Neylon suffered his injury June 17, 2006, during a bicycle race in Wilmington, Ohio. Unable to avoid an accident in front of him, Neylon catapulted over his handlebars and onto his head. The impact fractured a vertebra in his neck.

Neylon rarely complains or even speaks about it, but he teaches and coaches despite a neurogenic pain that he says feels like a cross between a bad sunburn and a blow to the funny bone. The pain, caused by his nerves getting mixed signals from the paralysis, is always there throughout his body and usually increases in intensity the more he speaks. His only relief from the pain comes while sleeping.

“I don’t want people feeling sorry for me,” he said. “It hasn’t kept me from teaching anything. It just makes it a little more difficult.”

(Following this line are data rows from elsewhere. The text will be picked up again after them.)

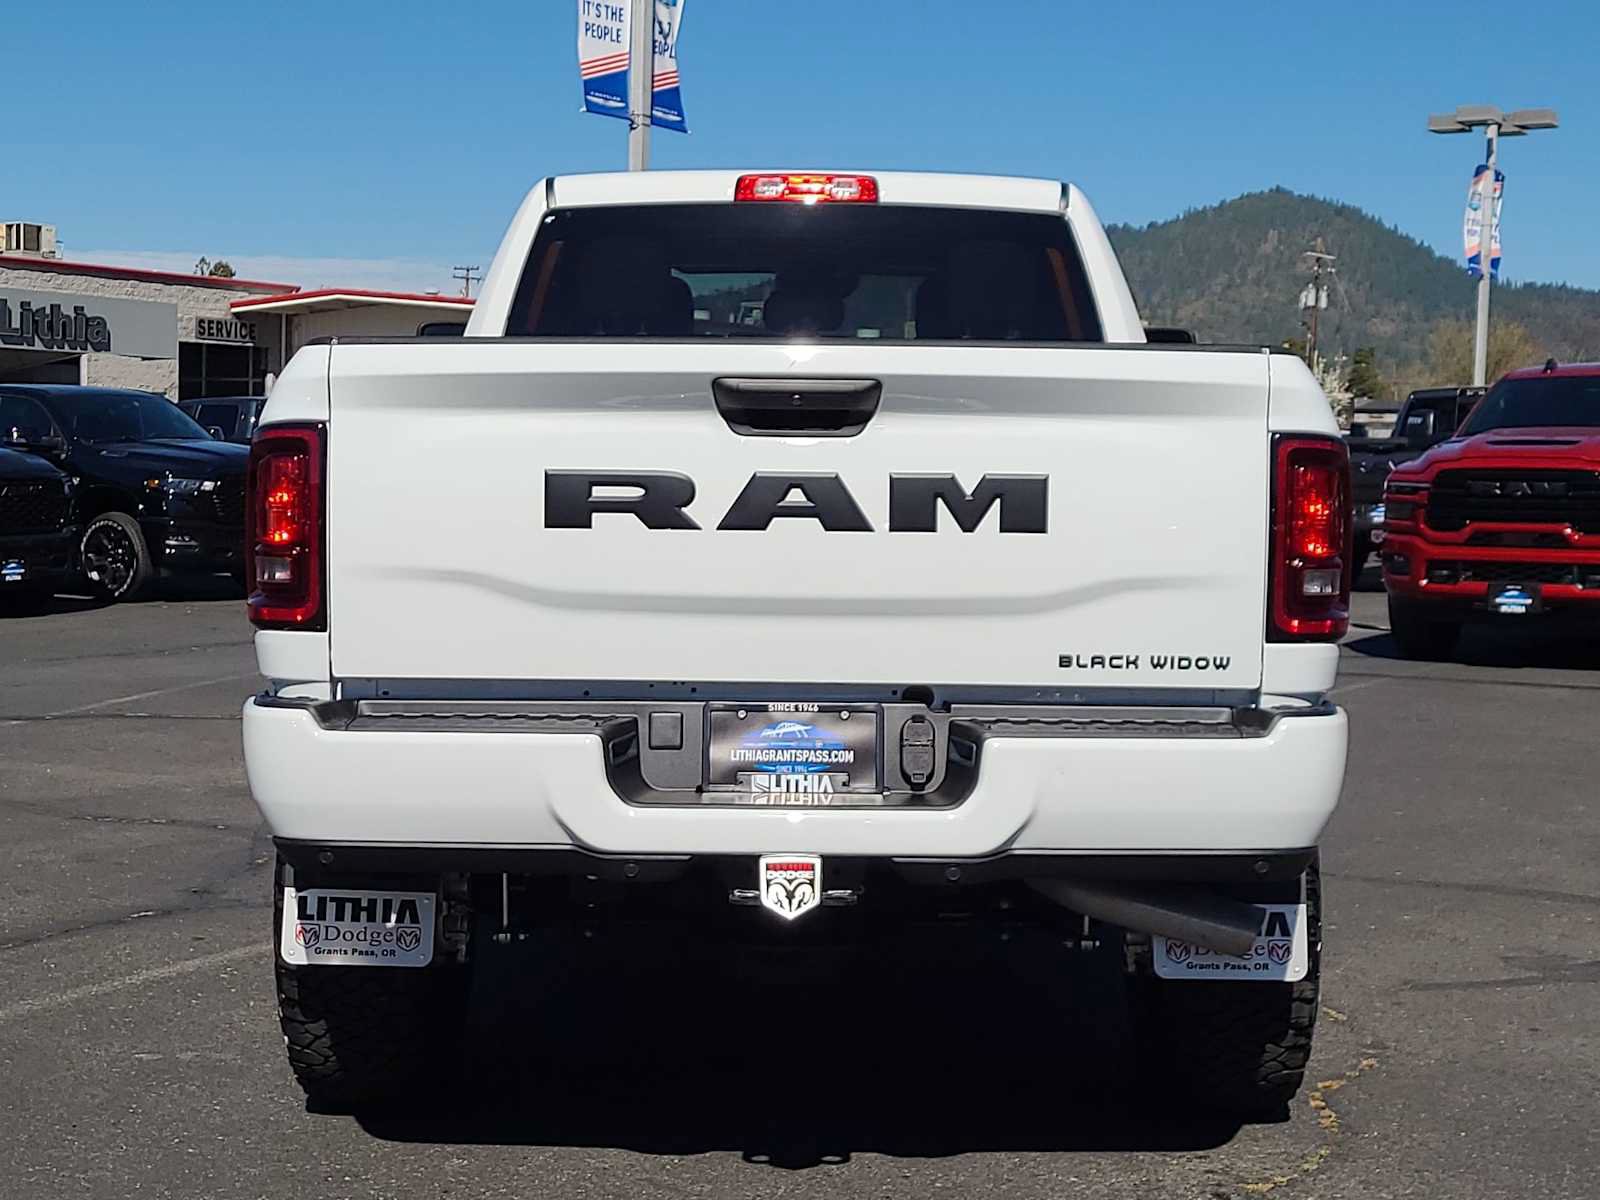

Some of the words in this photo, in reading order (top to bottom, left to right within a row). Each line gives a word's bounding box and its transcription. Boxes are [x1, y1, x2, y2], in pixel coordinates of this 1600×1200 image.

[582, 0, 602, 18] IT'S
[604, 4, 624, 23] THE
[585, 22, 622, 43] PEOPLE
[0, 298, 111, 352] Lithia
[198, 319, 257, 341] SERVICE
[544, 468, 1050, 535] RAM
[1058, 654, 1140, 669] BLACK
[1150, 655, 1231, 670] WIDOW
[768, 703, 796, 712] SINCE
[731, 749, 854, 763] LITHIAGRANTSPASS.COM
[770, 775, 834, 793] LITHIA
[766, 870, 815, 880] DODGE
[297, 895, 420, 924] LITHIA
[324, 925, 395, 947] Dodge
[314, 947, 348, 956] Grants
[352, 948, 378, 958] Pass,
[382, 949, 396, 957] OR
[1186, 961, 1220, 970] Grants
[1224, 962, 1251, 971] Pass,
[1254, 962, 1269, 971] OR

Neylon has pulled positives from the injury. He believes it even made him a better teacher.

“My handicap has made me focus more on technology and given me more time to do research, prepare for class and develop better lesson plans,” he said. “Teaching U.S. history really has been one of the few things that hasn’t changed for the most part.”

To aid his return to the classroom, the school district and Indiana Vocational Rehabilitation — a state organization that helps people with disabilities — spent about $30,000 to prepare Neylon’s classroom. They added technology such as Max, a voice-activated computer software program that lets Neylon send e-mails, answer and dial the phone, and run the overhead projector and other video equipment.

The school also hired Neylon’s sister Cathy Stinson to help grade papers, make photocopies and handle other daily chores. Stinson and other teachers feed Neylon at lunch and help get him dressed for track practices or meets after school.

“What has impressed me most is just how good a teacher he is,” Stinson said. “I find myself stopping what I’m doing sometimes just to listen. Every minute of every day I think about what he has accomplished. I don’t think I could do it.”

During a recent writing assignment in class, Neylon maneuvered his electric wheelchair around desks and book bags checking to see if students needed help.

“Don’t just write a sentence or two,” he said after glancing at one paper. “You need to think about it more than that.”

Students say they don’t see a teacher with a disability when they enter Neylon’s class. They see an inspirational leader who just happens to teach U.S. history.

Beasley said the example Neylon set in the worst of times encourages him to work harder as a student.

“He has proven to me that anything can be accomplished if you want it bad enough,” Beasley said.

This has been eventful school year for Neylon outside the classroom as well. His boys and girls cross country teams made it to the semistate in the fall — the first time both teams advanced that far in the same season in Neylon’s coaching career. He and his girlfriend, Tracie Morris, set a wedding date and will marry July 5.

“Everything in my life is as close to being as normal as I can make it,” Neylon said. “Teaching and coaching (have) meant everything to me. I can’t imagine sitting at home and staring out the window feeling sorry for myself.”